Identifiers
- Aliases: NBPF1, AB13, AB14, AB23, AD2, NBG, NBPF, neuroblastoma breakpoint family member 1, NBPF member 1
- External IDs: OMIM: 610501; GeneCards: NBPF1
Gene location (Human)
Chromosome 1 (human)
| Chr. | Chromosome 1 (human) |  |  |
Chromosome 1 (human) Genomic location for NBPF1
| Band | 1p36.13 | Start | 16,562,319 bp |
| End | 16,613,562 bp |
RNA expression pattern
| Bgee | Human / Mouse (ortholog); Top expressed in; secondary oocyte; right adrenal gland; ventricular zone; right adrenal cortex; left adrenal cortex; ganglionic eminence; C1 segment; epithelium of colon; rectum; smooth muscle tissue; / n/a More reference expression data |
| BioGPS | n/a |
Orthologs
| Databases | NCBI: entry; OMA: entry |  |
| Species | Human | Mouse |
| Entrez | 55672 | n/a |
| Ensembl | ENSG00000219481 | n/a |
| UniProt | Q3BBV0 | n/a |
| RefSeq (mRNA) | NM_017940 | n/a |
| RefSeq (protein) | NP_060410 | n/a |
| Location (UCSC) | Chr 1: 16.56 – 16.61 Mb | n/a |
| PubMed search |  | n/a |
| View/Edit Human |  |  |  |  |

= NBPF1 =

Protein found in humans

Neuroblastoma breakpoint family, member 1, or NBPF1, is a protein that is encoded by the gene NBPF1 in humans. This protein is member of the neuroblastoma breakpoint family of proteins, a group of proteins that are thought to be involved in the development of the nervous system.

== Gene ==
The NBPF1 gene in humans is located on the minus strand of 1p36.3 in humans and is 51179 base pairs long including exons and introns.
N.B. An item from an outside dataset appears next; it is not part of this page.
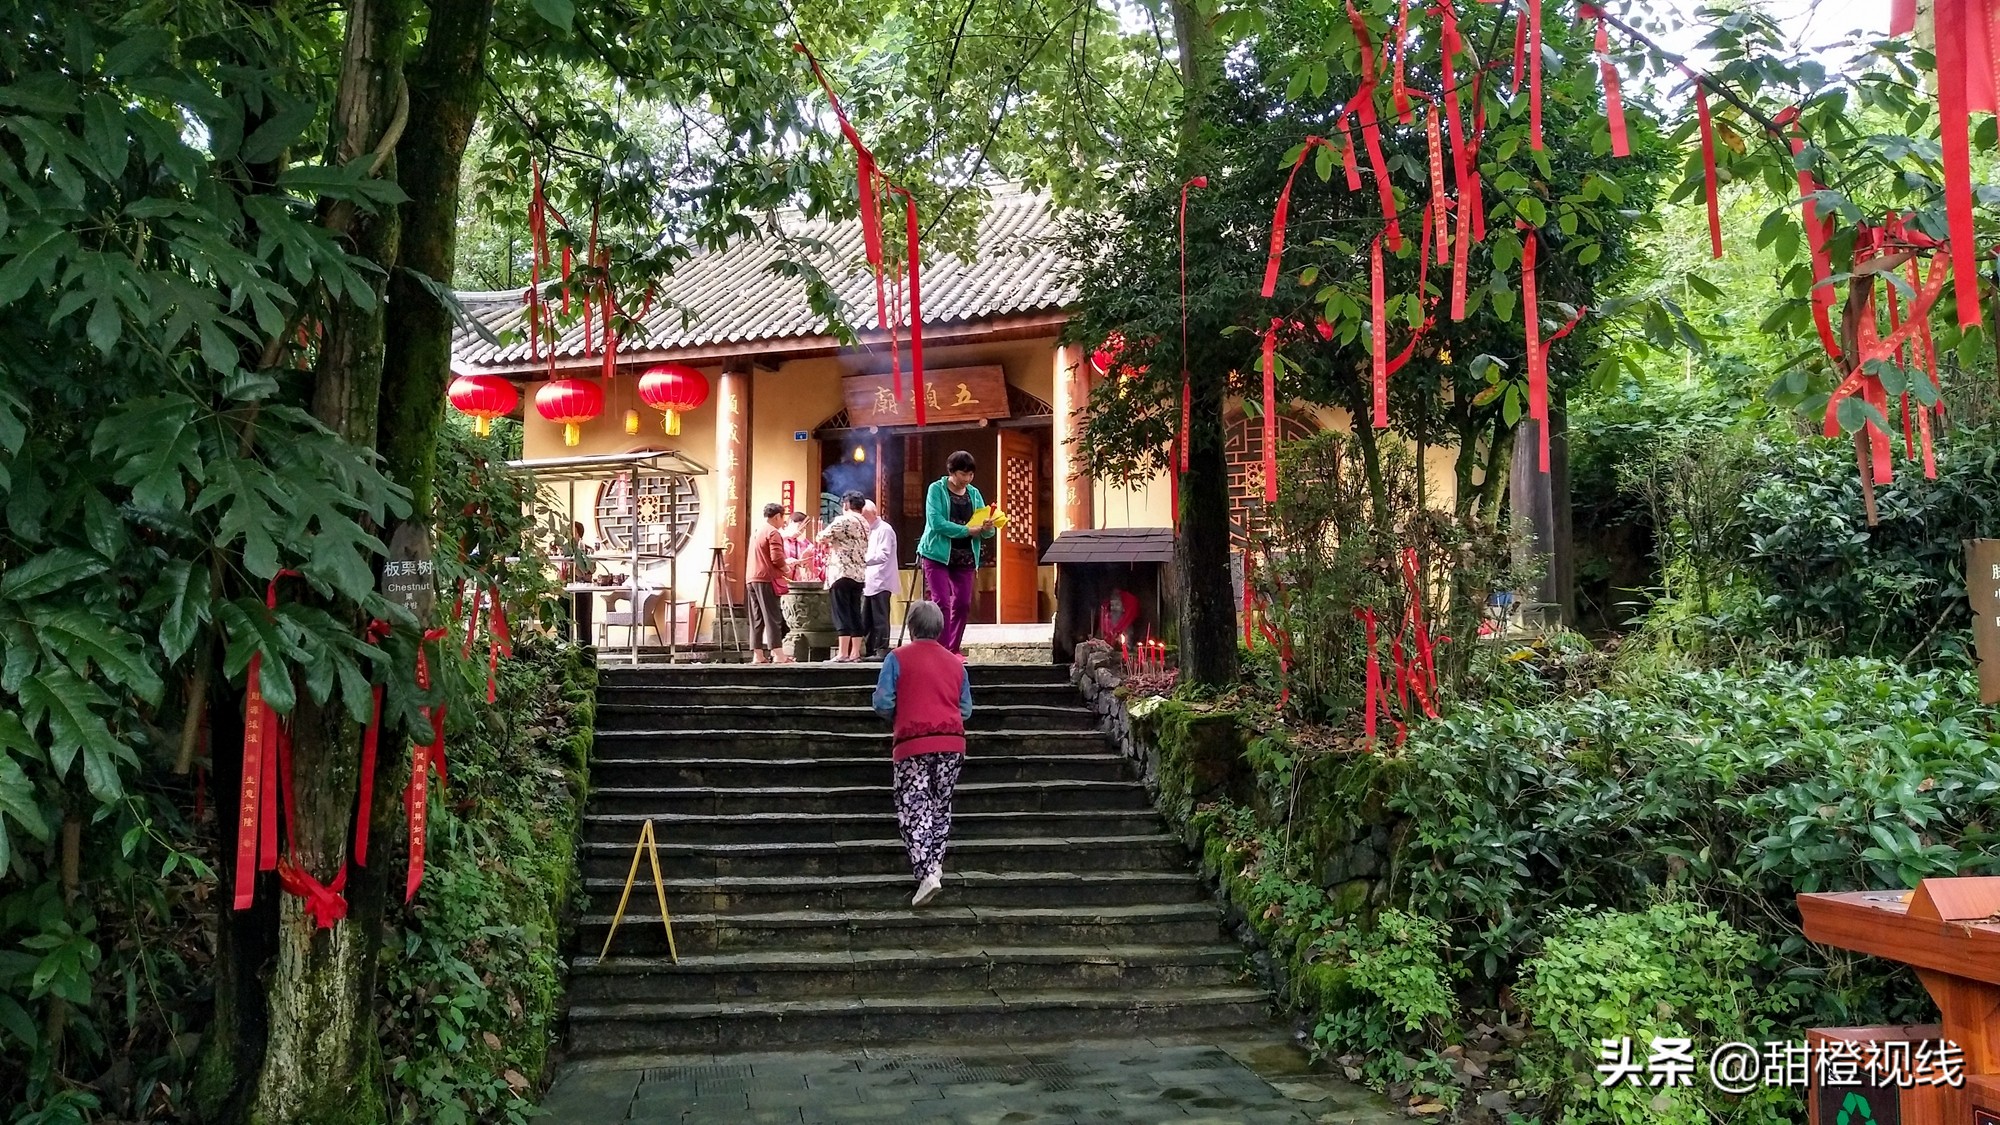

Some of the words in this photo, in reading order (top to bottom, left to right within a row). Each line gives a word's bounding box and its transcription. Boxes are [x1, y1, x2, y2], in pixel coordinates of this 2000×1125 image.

[383, 560, 433, 577] 板栗树
[388, 583, 430, 592] Chestnut
[413, 801, 423, 846] 吉祥如意
It is located between the protein coding genes NECAP2 and CROCC. NBPF1 is one of the 26 known members of the Neuroblastoma Breakpoint Family genes and pseudogenes. The NBPF2 pseudogene and NBPF3 gene are the most similar genes located close to NBPF1 and they reside on the chromosomal location 1p36.12. Most members of the NBPF gene family are located on chromosomal location 1q21.1-1q23.3 in humans, and these genes are more similar to each other in sequence than they are to NBPF1.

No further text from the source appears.